Every morning when I wake up there is a moment or two that I have no concerns, no sadness, no worries. Then I realize that the past eleven weeks has not been a dream but reality.
At this point in my grieving I find that about every other day I can shake off the feeling of dread and get some things accomplished around the house. I even feel rather hopeful and positive about the future. Then there are the days inbetween where I just don't seem to be able to get out of bed. It's not a hopelessness that keeps me there but rather a sadness that engulfs me.
If I were to stand on the outside looking in I would have to imagine that a relationship of twenty-two years is going to leave a mark on the person who is left behind. Standing on the inside looking out I am finally able to see that this truly is a remarkable path that the Lord has placed before me. This is no ordinary thing that has happened so I must admit I am amazed that I even have good days.
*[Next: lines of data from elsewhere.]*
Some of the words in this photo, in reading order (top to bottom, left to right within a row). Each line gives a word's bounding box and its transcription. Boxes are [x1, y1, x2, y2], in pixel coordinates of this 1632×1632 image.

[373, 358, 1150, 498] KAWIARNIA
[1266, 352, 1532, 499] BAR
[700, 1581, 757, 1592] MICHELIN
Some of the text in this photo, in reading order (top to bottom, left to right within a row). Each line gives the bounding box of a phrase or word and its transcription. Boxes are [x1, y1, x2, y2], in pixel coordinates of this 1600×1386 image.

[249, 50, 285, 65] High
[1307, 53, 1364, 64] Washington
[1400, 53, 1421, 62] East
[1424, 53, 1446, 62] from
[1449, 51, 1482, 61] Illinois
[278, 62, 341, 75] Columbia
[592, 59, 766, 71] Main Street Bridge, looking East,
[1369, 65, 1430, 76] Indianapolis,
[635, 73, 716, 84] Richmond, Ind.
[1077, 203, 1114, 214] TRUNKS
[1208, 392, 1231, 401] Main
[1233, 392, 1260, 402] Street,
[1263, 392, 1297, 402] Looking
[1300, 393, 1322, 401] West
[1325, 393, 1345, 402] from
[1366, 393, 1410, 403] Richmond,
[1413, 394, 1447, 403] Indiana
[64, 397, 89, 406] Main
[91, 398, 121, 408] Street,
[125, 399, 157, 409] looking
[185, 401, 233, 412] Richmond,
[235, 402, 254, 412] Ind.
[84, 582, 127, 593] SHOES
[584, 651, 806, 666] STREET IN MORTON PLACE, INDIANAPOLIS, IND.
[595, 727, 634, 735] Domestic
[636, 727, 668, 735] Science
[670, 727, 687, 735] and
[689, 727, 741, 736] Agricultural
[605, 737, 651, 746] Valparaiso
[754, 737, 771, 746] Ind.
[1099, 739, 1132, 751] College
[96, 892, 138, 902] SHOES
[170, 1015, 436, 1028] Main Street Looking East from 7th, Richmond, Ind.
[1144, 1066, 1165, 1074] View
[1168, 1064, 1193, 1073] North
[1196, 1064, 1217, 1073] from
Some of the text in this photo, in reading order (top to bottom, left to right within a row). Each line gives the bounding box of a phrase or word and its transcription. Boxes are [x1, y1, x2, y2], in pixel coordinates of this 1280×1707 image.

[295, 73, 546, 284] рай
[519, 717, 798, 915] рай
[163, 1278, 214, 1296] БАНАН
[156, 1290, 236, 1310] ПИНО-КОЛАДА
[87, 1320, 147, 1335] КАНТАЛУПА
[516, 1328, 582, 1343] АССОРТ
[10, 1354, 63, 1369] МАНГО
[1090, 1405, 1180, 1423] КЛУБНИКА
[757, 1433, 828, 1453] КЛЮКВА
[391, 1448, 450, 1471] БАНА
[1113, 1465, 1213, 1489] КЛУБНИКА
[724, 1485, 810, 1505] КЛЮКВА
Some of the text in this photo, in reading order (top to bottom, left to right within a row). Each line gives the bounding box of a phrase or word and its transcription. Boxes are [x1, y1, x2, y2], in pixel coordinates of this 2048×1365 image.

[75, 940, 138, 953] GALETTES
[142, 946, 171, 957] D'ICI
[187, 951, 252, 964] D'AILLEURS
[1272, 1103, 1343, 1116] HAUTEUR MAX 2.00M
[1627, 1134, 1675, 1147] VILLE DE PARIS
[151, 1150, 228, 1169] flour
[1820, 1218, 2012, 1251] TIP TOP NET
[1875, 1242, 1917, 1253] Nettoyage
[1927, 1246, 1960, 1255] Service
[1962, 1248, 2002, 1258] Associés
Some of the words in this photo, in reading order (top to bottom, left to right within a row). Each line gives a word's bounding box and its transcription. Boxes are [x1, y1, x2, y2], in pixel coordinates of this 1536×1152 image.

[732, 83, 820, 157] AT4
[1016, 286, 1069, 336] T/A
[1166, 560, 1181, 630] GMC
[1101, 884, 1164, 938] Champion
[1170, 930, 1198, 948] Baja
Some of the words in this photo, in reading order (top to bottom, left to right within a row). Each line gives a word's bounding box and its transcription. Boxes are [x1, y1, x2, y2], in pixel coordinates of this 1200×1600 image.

I was having a conversation with Goose, my 17 year old son about his dad's death and the impact on our family. He kept saying that he did not understand why God would take his dad away and why God was asking him to grow up so fast. In fact, he just plain said he could not do it...become a man so soon and take on such big responsibilities. The words that I gave him were from my heart. They are what I eat, drink, and breath right now...when I am weak, HE is strong. There are no mistakes in God's economy. He didn't just wake up one day and say "Oh my, Eric died. Now how did that happen?" Instead He ordained the days of Eric's life before the foundation of the world. He knew that I would be a widow at the age of 40. He knew that Goose would be fatherless at the age of 17. He knew that we would learn valuable lessons that would draw us closer as a family and closer to Him. How could we ask for anything more? But, we do. Every single one of us in the Davis household has asked why. David asked why and yet in the next breath he praised the God of the universe.
His strength is perfect when our strength is gone
He'll carry us when we can't carry on
Raised in His power the weak become strong
His strength is perfect, His strength is perfect
It is His power that we lean on each and every day. On the bad days His strength is perfect as I find myself weakened by grief forcing myself to read the Word and to thank God for the many blessing He has given me. On the good days it is His strength that enables me to accomplish so much.
If there is one lesson learned well during this time it will have been that He is faithful to be my strength when I lean on Him.